The proper handling of public money is a thankless task, particularly in matters of health. That is why politicians delegate the task to district boards. Pat Snedden, the lone survivor of the chairmen of the three Auckland boards that jointly awarded the Labtests contract, has been left to deal with the mess. Little has been heard from members of the Labour Government that appointed them and this week Health Minister Tony Ryall has kept his distance, promising a review of what went wrong.
Any review needs to start at first principles. District health boards are obliged to use their allocated money as efficiently as possible, which means spending no more than necessary on any of the many vital services their district needs. Overpayment for one service deprives another.
There can be not the slightest doubt the three Auckland boards were paying too much for blood and tissue testing under their previous contract with Diagnostic Medlab. If there was any doubt, it was dispelled by DML itself when, having lost the contract, the company complained to the High Court that had it known the boards were seeking savings in community laboratory services, it could have offered them.
To have invited DML to match the lower bid would have defeated the purpose of competitive tendering. Nobody would go to the trouble of bidding if incumbents were given the right to match any better offer.
A better offer, of course, has to maintain a reasonable standard of service. Any review of the district health boards' decision has to examine that side of the equation. Labtests is a large, established Australian operation that could have been presumed capable of handling Auckland's needs. Yet the local medical fraternity expressed doubts from the outset.
The profession's predictions have been precisely fulfilled by mistakes and delays since the day of the transfer. Were these slip-ups more than normal for a daily operation of this scale? Were they entirely Labtests' fault? What made Auckland's medical demands so difficult to satisfy?
A proper review must not shy away from the possibility that Labtests' problems have arisen from the circumstances in which it was awarded the contract. Auckland medical practitioners largely backed DML's case for keeping the contract and some joined the company in court to argue they should have been consulted.

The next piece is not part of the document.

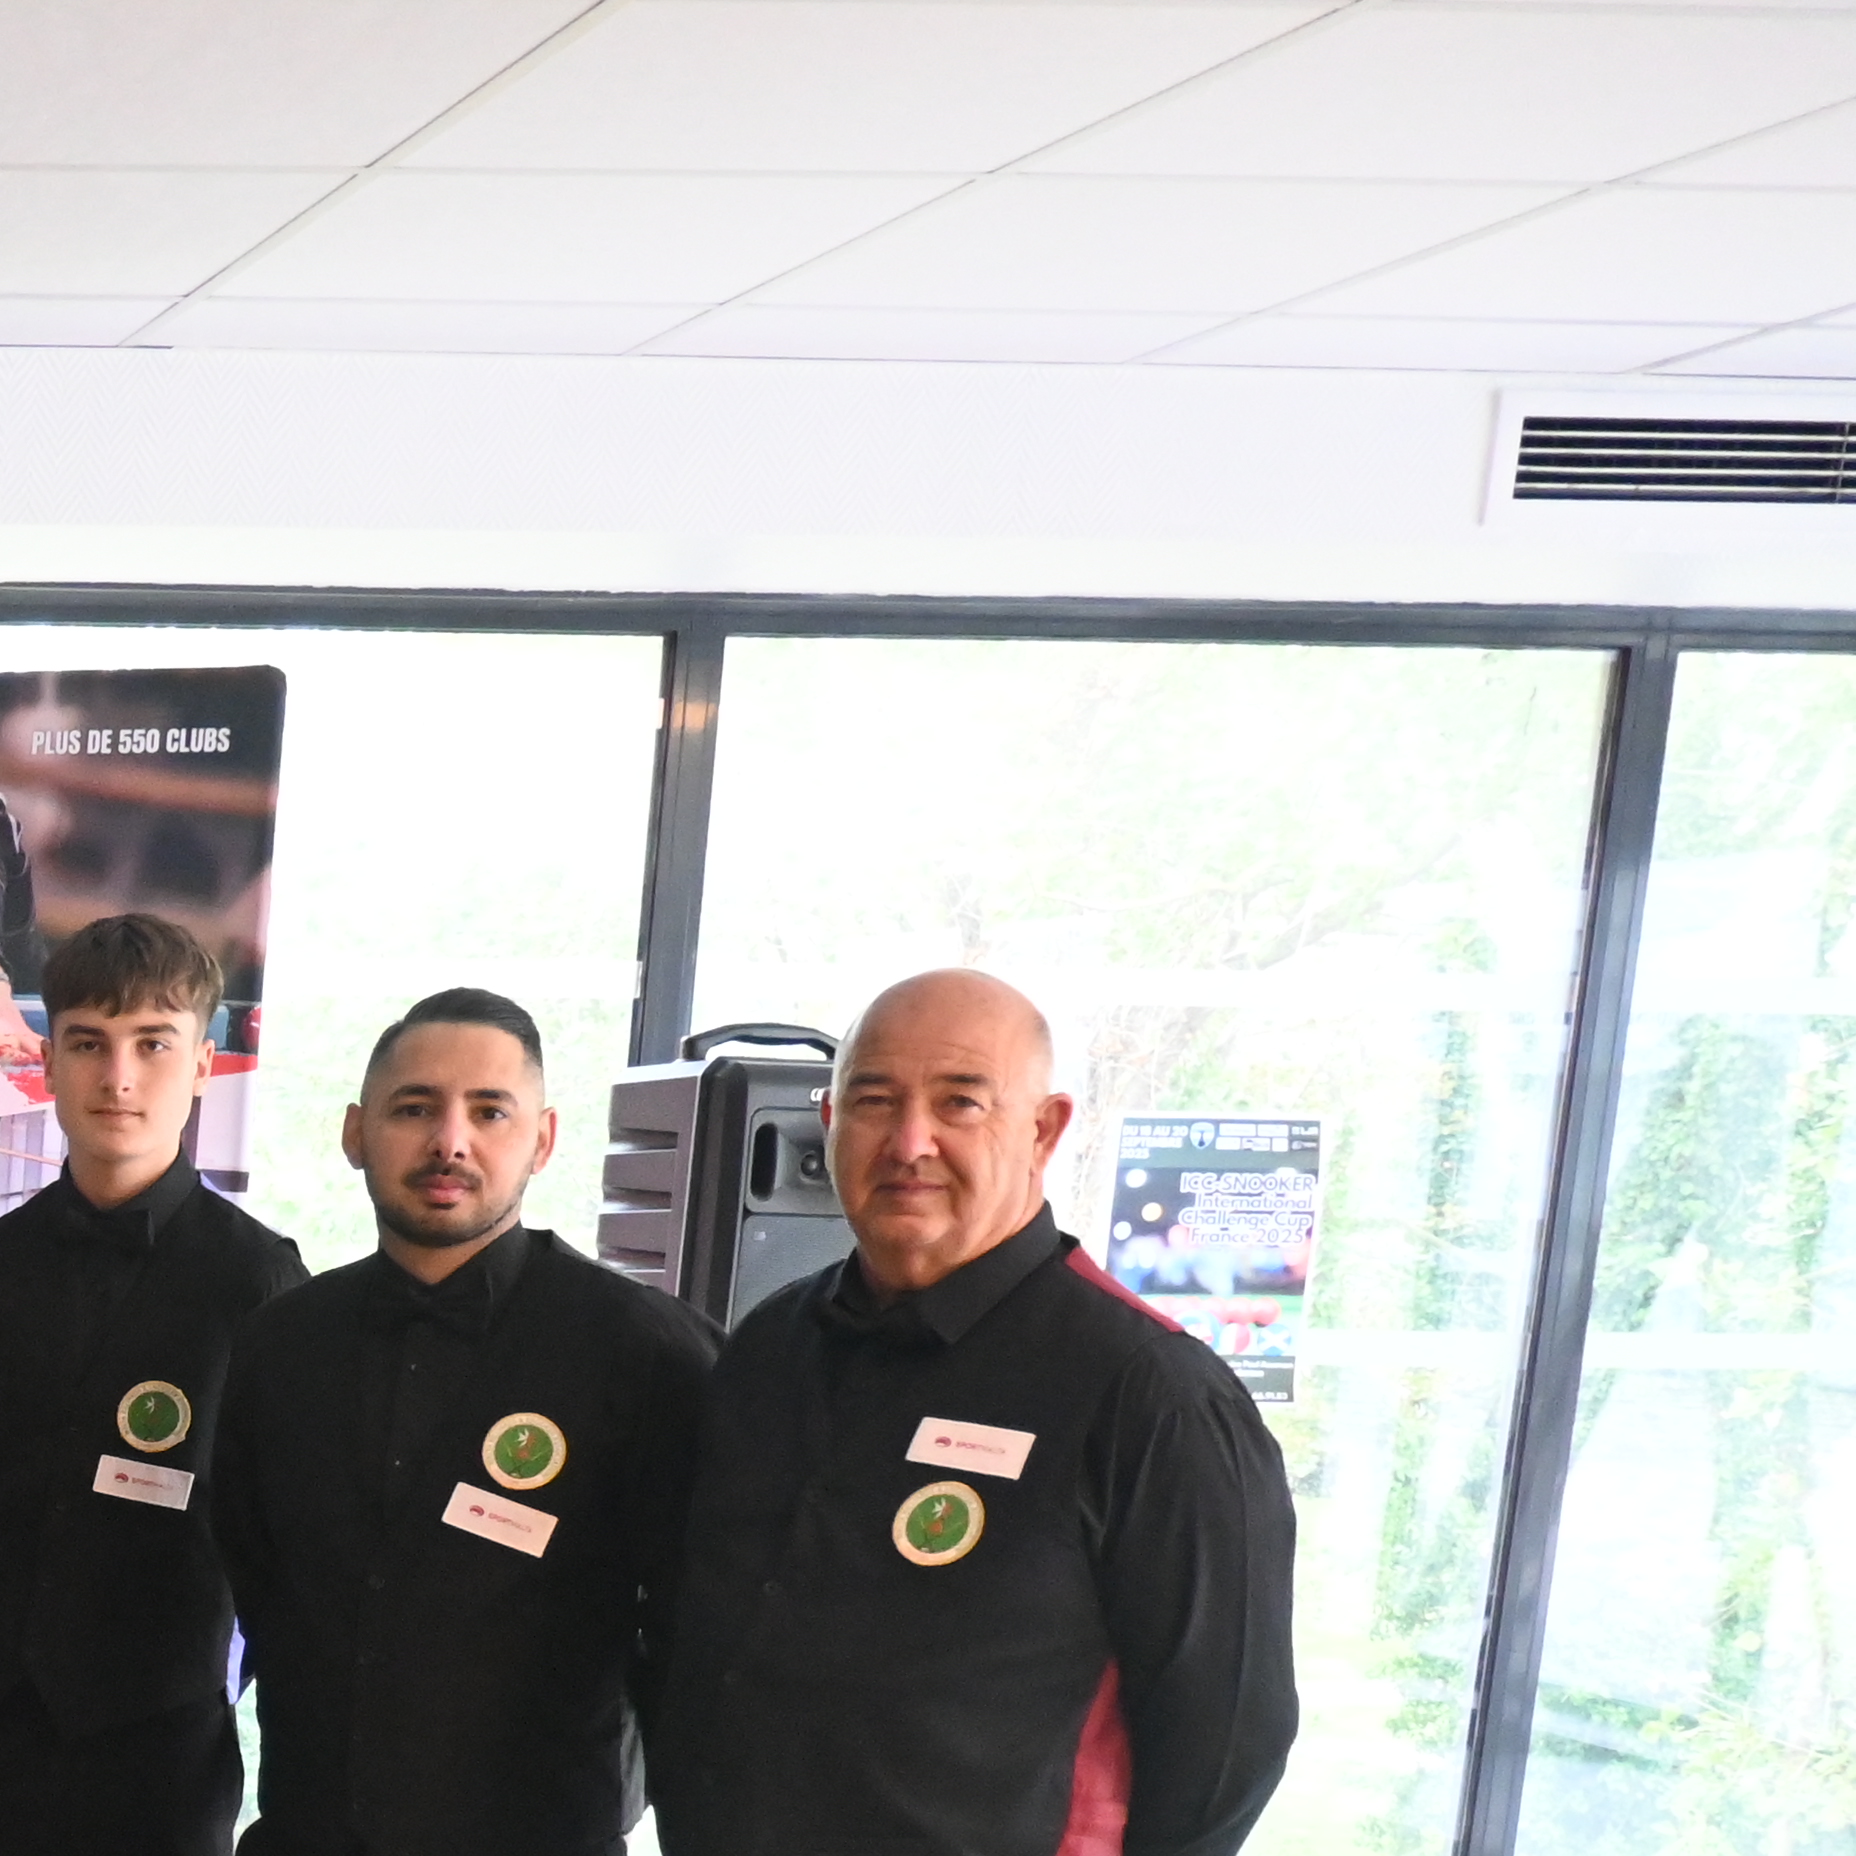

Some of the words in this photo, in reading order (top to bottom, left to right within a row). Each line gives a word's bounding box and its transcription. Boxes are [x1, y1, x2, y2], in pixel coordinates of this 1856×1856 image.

If a review concludes that the boards erred in defying the profession's resentment, it would be a fateful conclusion for competitive contracting in health services. Where the boards did err was in accepting such a rapid, all-or-nothing transition, especially once it became clear the defeated incumbent was making things as difficult as possible for the new provider. They erred, too, in defending the indefensible for too long, giving assurances for weeks after the takeover that clearly could not be sustained. For whatever reason, the implementation did not match the intention - which was to contain medical costs. The Auckland boards deserve some credit for that attempt but very little for its execution.